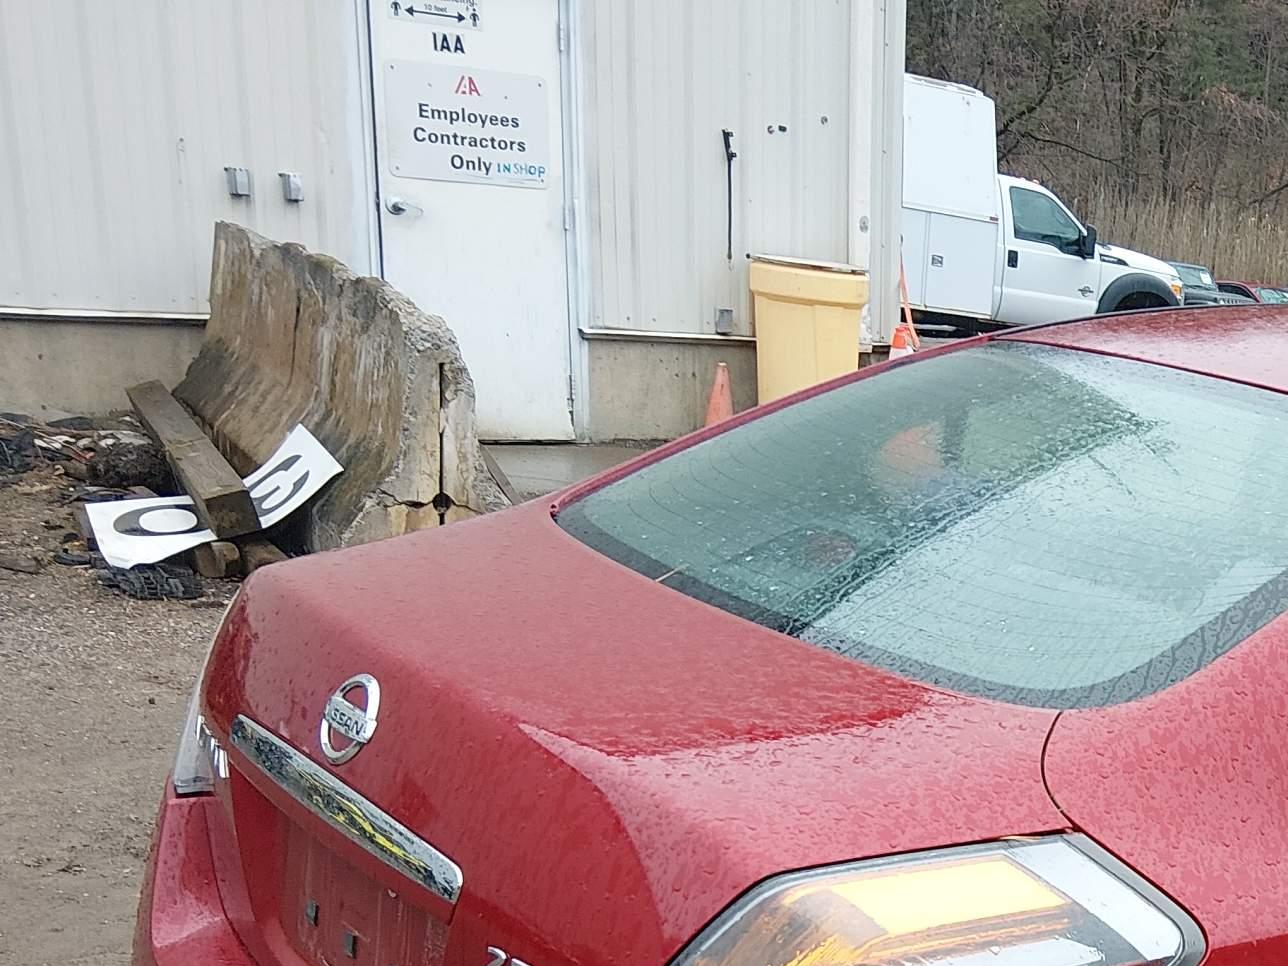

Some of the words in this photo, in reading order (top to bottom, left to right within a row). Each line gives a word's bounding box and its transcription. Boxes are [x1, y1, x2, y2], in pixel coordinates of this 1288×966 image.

[432, 32, 466, 55] IAA
[418, 103, 520, 129] Employees
[413, 127, 527, 152] Contractors
[450, 154, 493, 176] Only
[497, 163, 511, 173] IN
[513, 163, 546, 178] SHOP
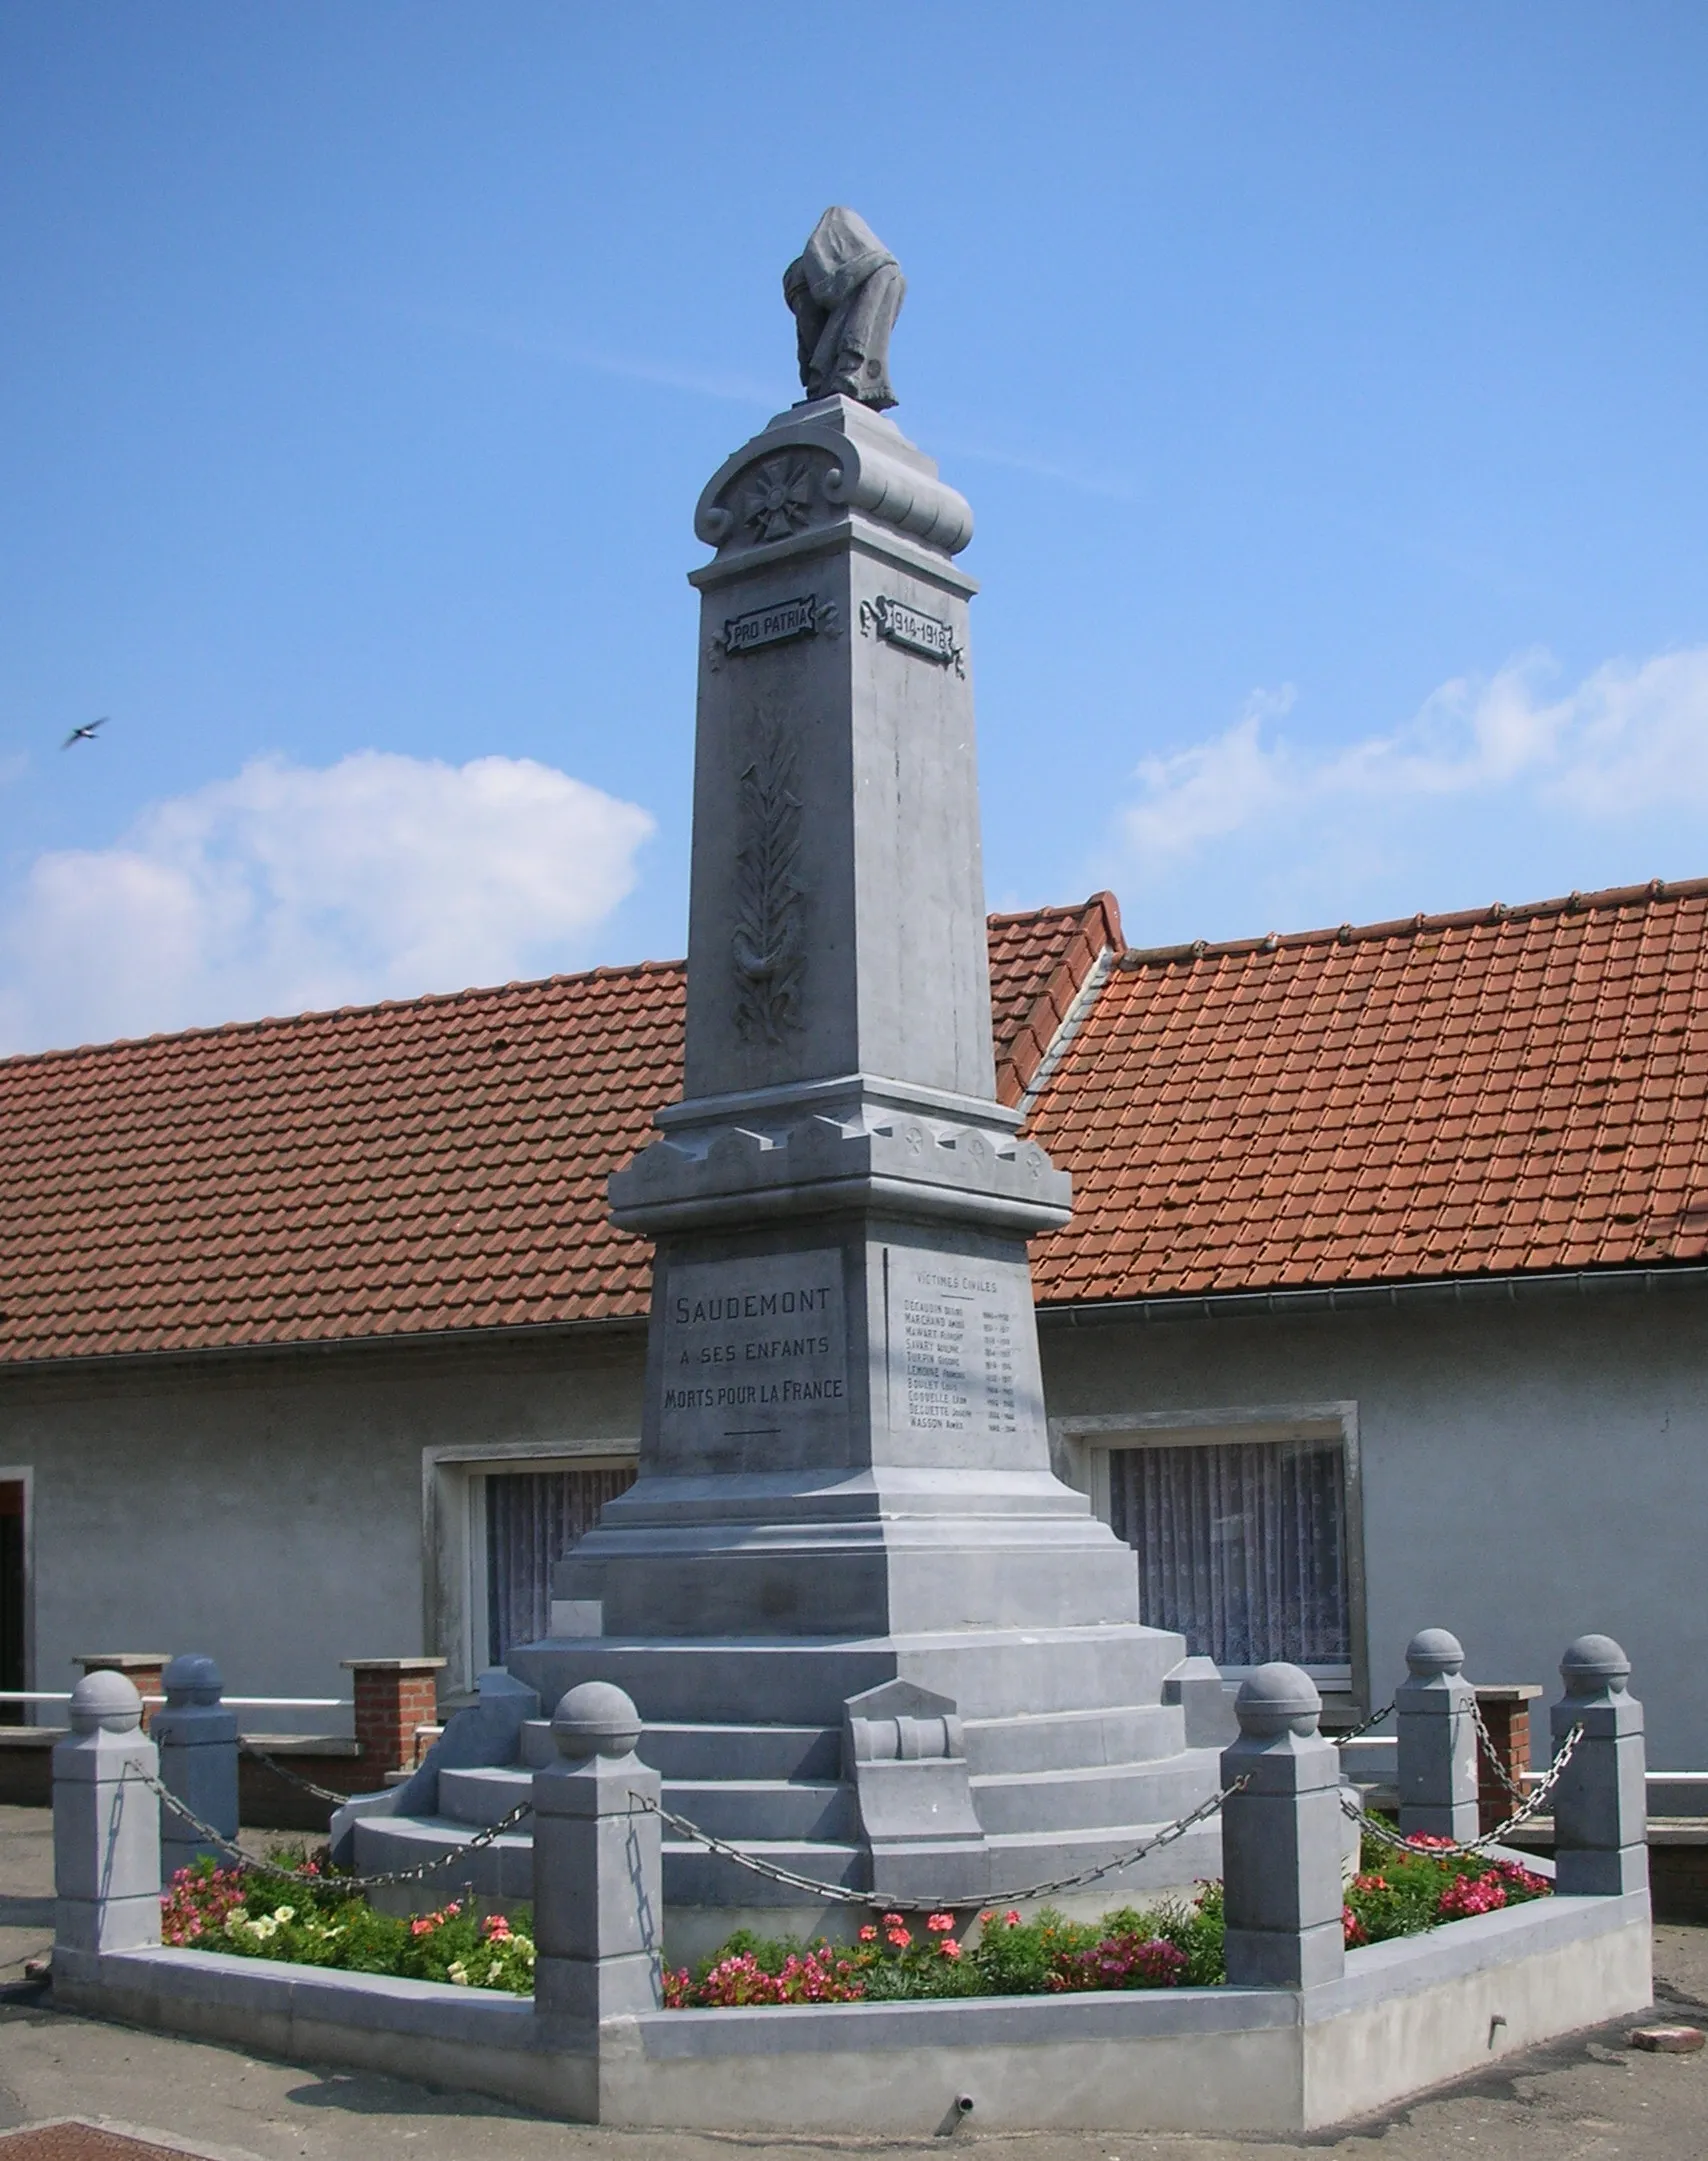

_WHAT THIS TASK INVOLVES_
Pictures stay out of this copy; write out the entries above exactly.

_TASK RESULT_
Some of the words in this photo, in reading order (top to bottom, left to right within a row). Each line gives a word's bounding box and its transcription. Boxes are [x1, y1, x2, y2], in pixel coordinates of this 1288×966 image.

[432, 32, 466, 55] IAA
[418, 103, 520, 129] Employees
[413, 127, 527, 152] Contractors
[450, 154, 493, 176] Only
[497, 163, 511, 173] IN
[513, 163, 546, 178] SHOP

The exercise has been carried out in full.